*** Given data ***
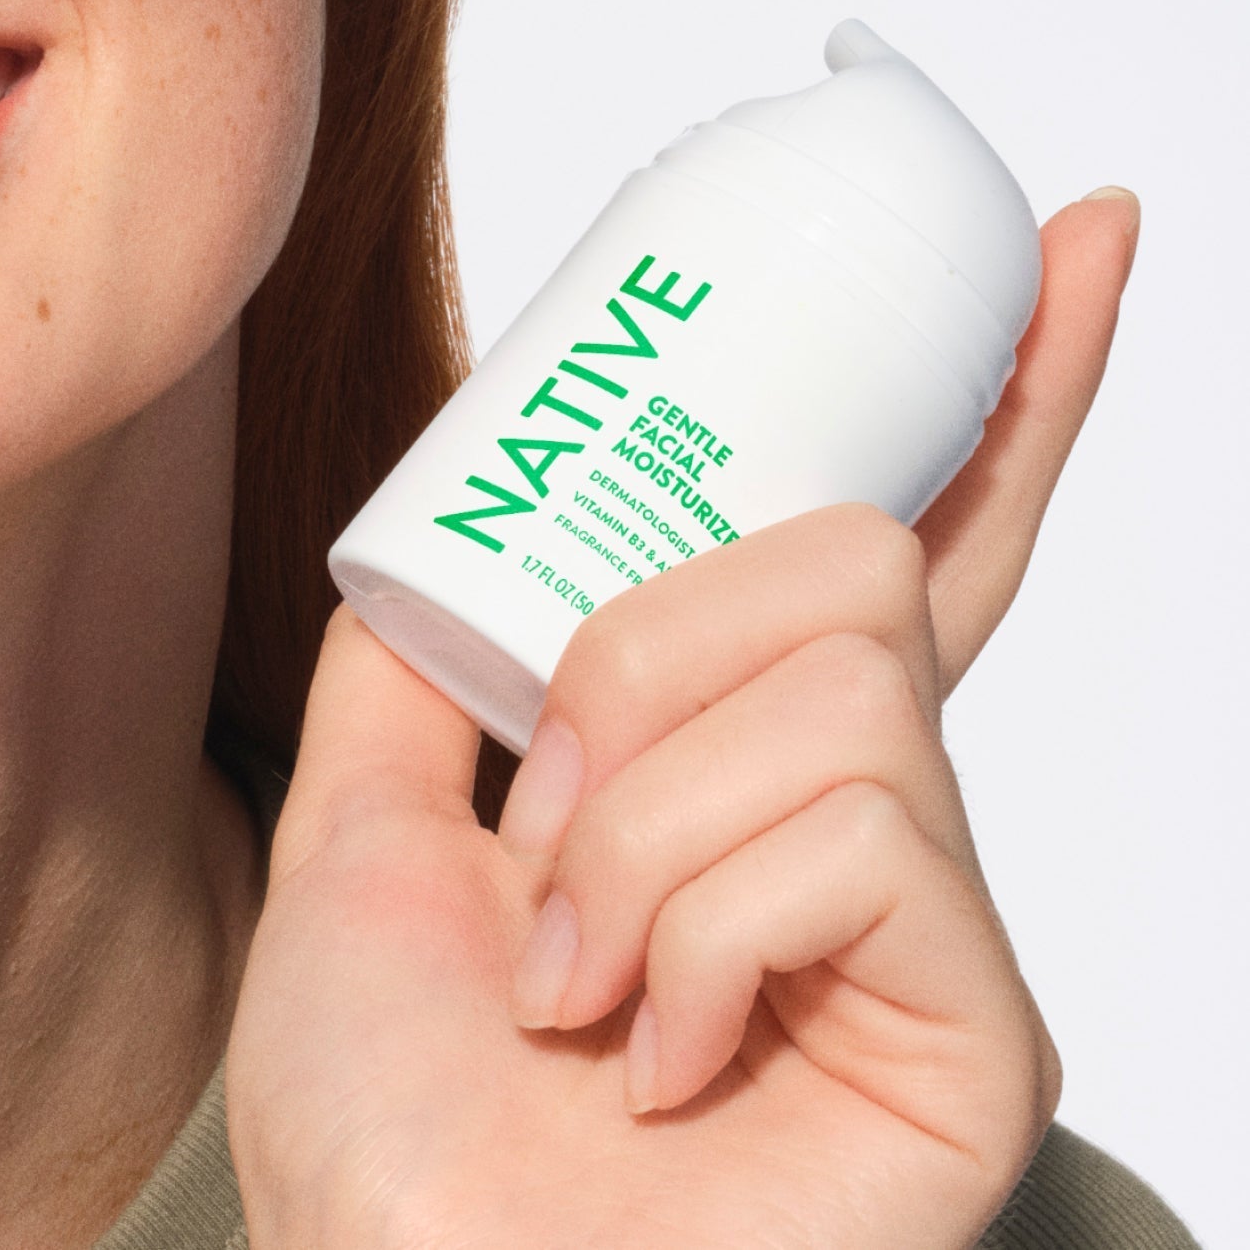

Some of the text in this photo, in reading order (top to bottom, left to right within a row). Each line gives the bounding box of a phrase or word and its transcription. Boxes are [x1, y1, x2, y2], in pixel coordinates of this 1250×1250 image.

[432, 254, 714, 555] NATIVE
[647, 395, 734, 468] GENTLE
[628, 414, 706, 483] FACIAL
[553, 513, 628, 574] FRAGRANCE
[573, 490, 673, 573] VITAMIN B3 & A
[588, 469, 696, 559] DERMATOLOGIST
[521, 554, 595, 616] 1.7 FL OZ (50
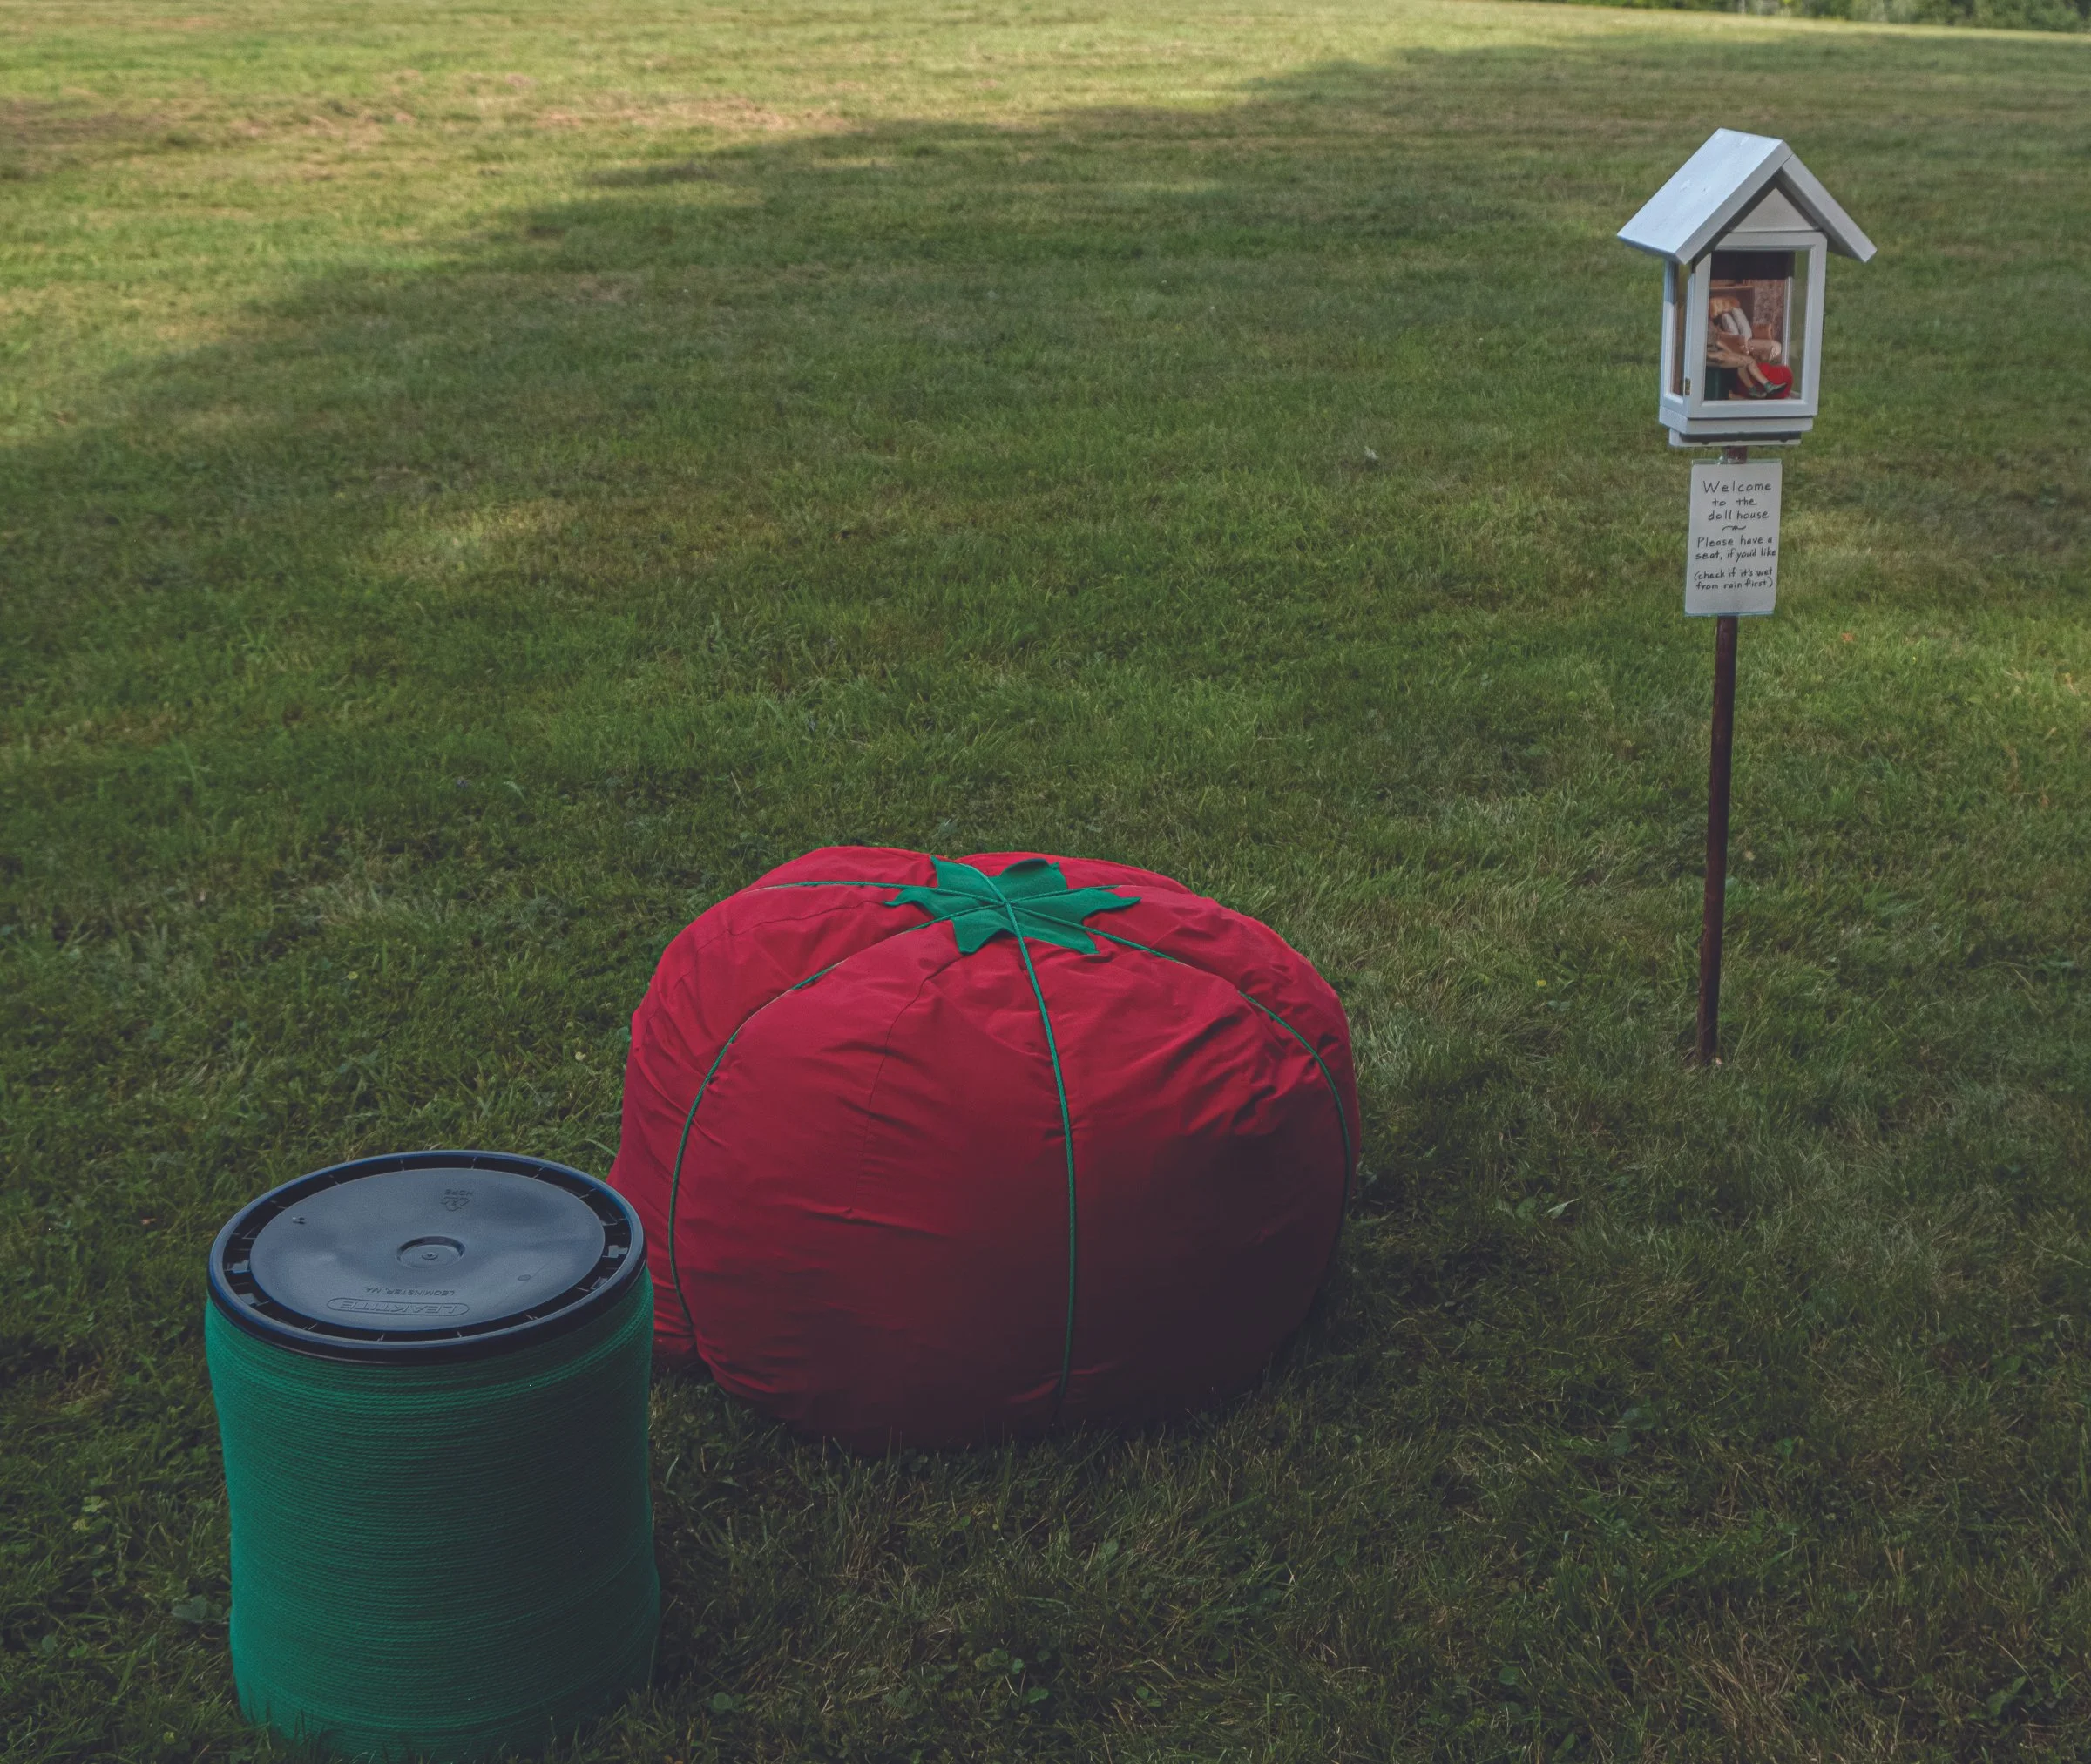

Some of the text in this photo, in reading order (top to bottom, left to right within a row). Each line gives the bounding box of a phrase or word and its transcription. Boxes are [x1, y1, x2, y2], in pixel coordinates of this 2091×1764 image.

[1703, 481, 1771, 493] Welcome
[1708, 510, 1769, 521] doll house
[1697, 537, 1734, 548] Please
[1740, 535, 1763, 545] have
[1727, 549, 1736, 558] if
[1761, 546, 1776, 557] like
[1729, 567, 1736, 578] if
[340, 1301, 457, 1314] LEAKTITE
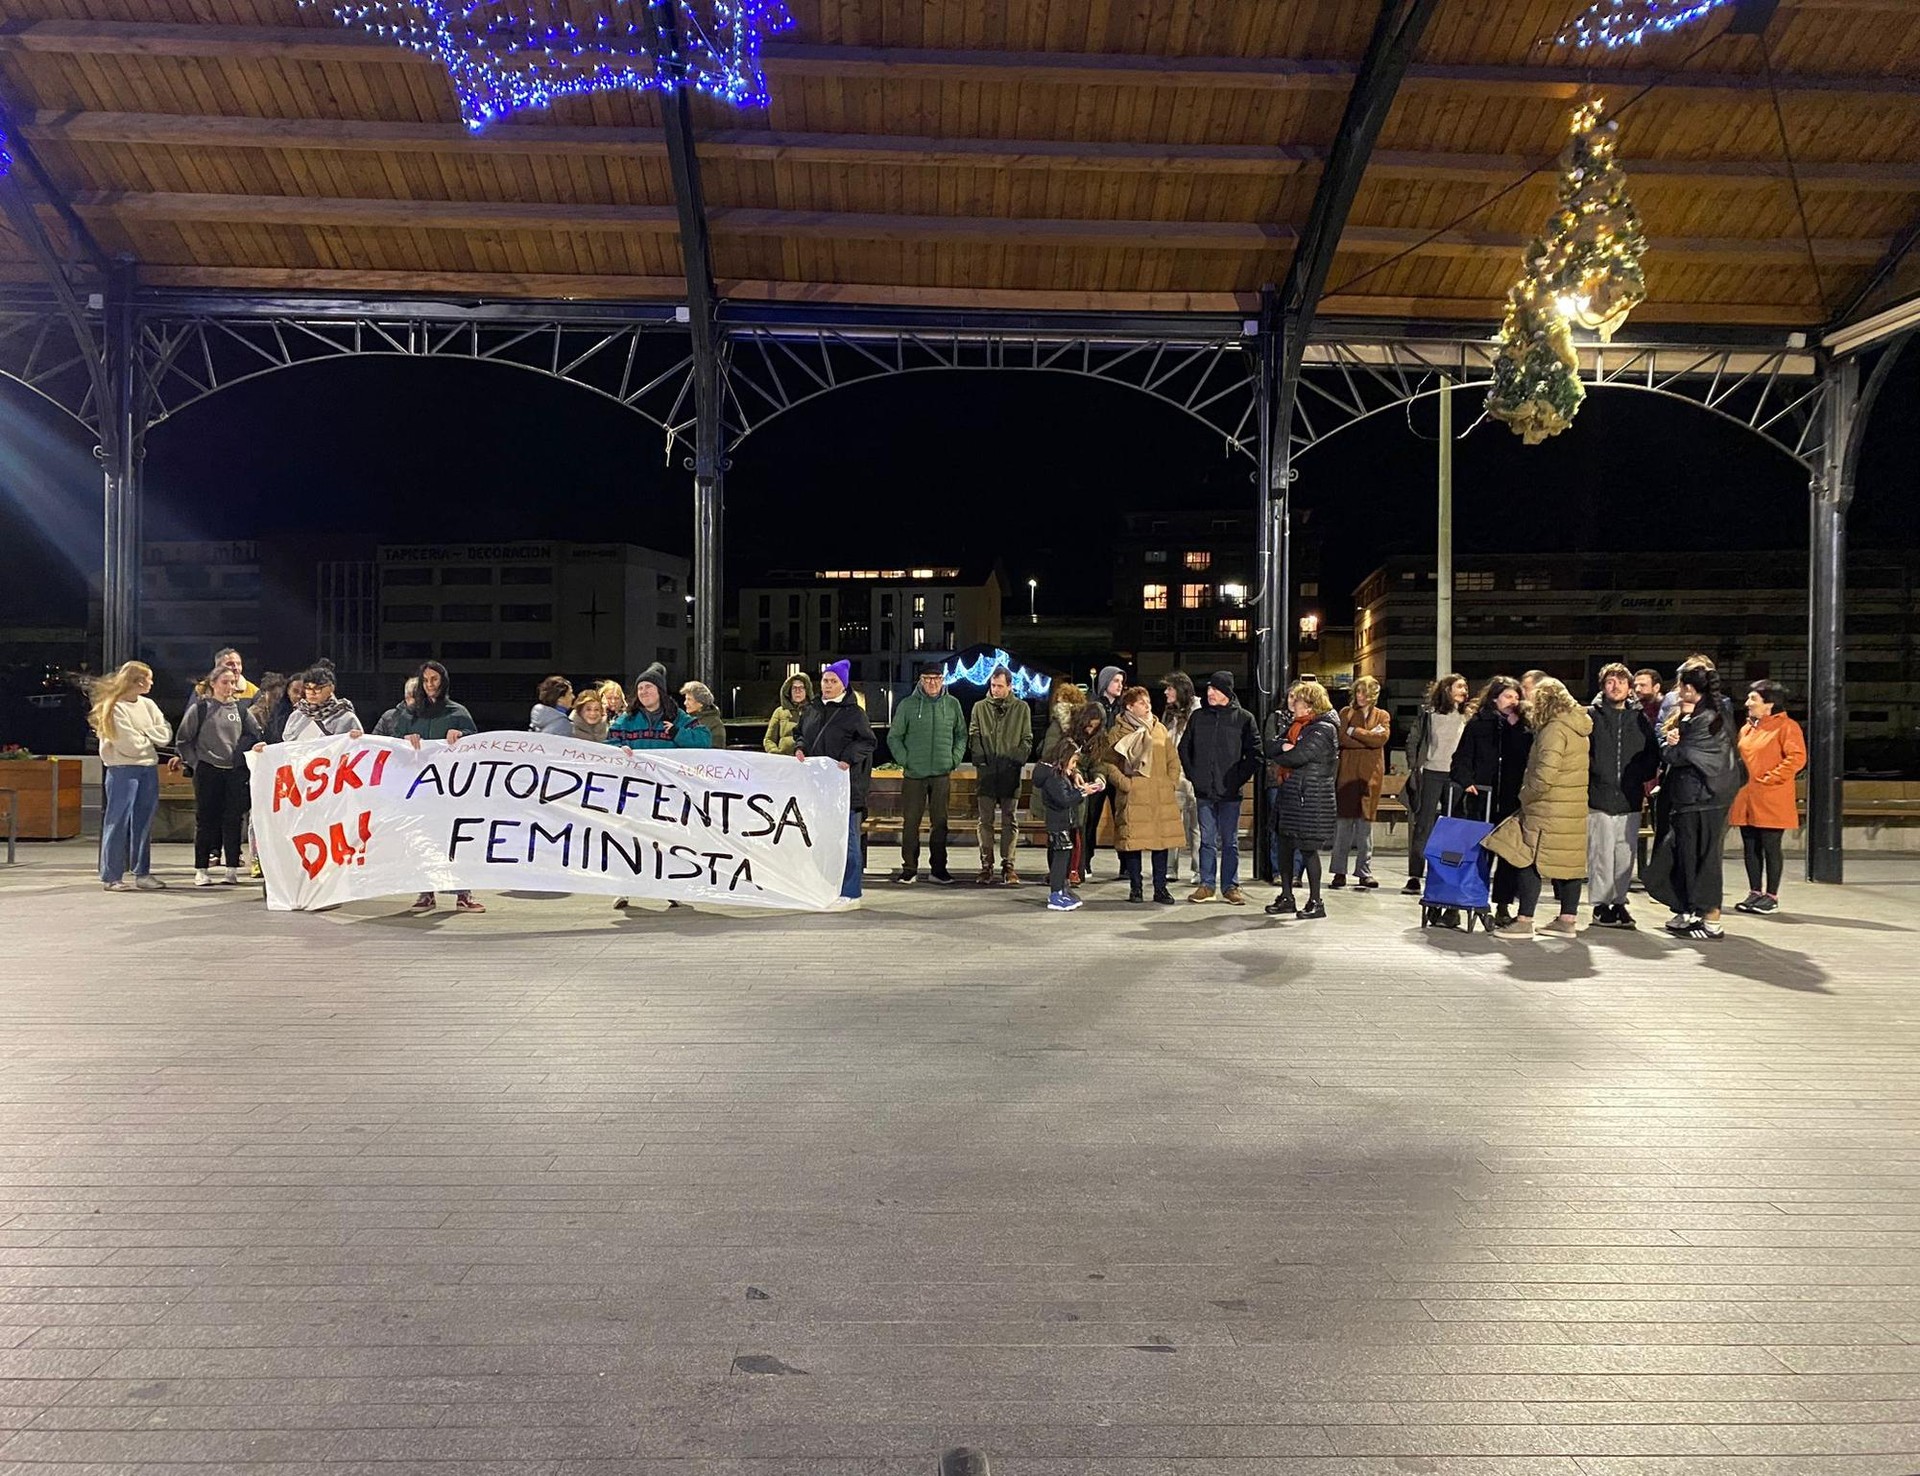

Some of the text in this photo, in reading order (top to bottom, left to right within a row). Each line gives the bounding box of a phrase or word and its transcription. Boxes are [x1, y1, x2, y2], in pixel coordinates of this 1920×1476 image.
***
Exercise = Every record must be returned exactly. Leave its pictures out.

Exercise result =
Some of the text in this photo, in reading order (top to bottom, left to right within a row). Each line gives the bounding box of a phrase or word and its transcription. Boxes are [x1, y1, x2, y2], in pixel coordinates of this 1250×1250 image.

[432, 254, 714, 555] NATIVE
[647, 395, 734, 468] GENTLE
[628, 414, 706, 483] FACIAL
[553, 513, 628, 574] FRAGRANCE
[573, 490, 673, 573] VITAMIN B3 & A
[588, 469, 696, 559] DERMATOLOGIST
[521, 554, 595, 616] 1.7 FL OZ (50

Some of the text in this photo, in reading order (top to bottom, left to right within a row). Each line gives the bounding box of a phrase or word and its transcription. Boxes are [x1, y1, x2, y2], in pixel coordinates of this 2091×1764 image.

[1703, 481, 1771, 493] Welcome
[1708, 510, 1769, 521] doll house
[1697, 537, 1734, 548] Please
[1740, 535, 1763, 545] have
[1727, 549, 1736, 558] if
[1761, 546, 1776, 557] like
[1729, 567, 1736, 578] if
[340, 1301, 457, 1314] LEAKTITE

Some of the text in this photo, in reading order (top to bottom, left to right within a row). Each line gives the bounding box of a phrase or word and its transcription. Boxes are [x1, y1, x2, y2], in pixel coordinates of this 1920×1476 image.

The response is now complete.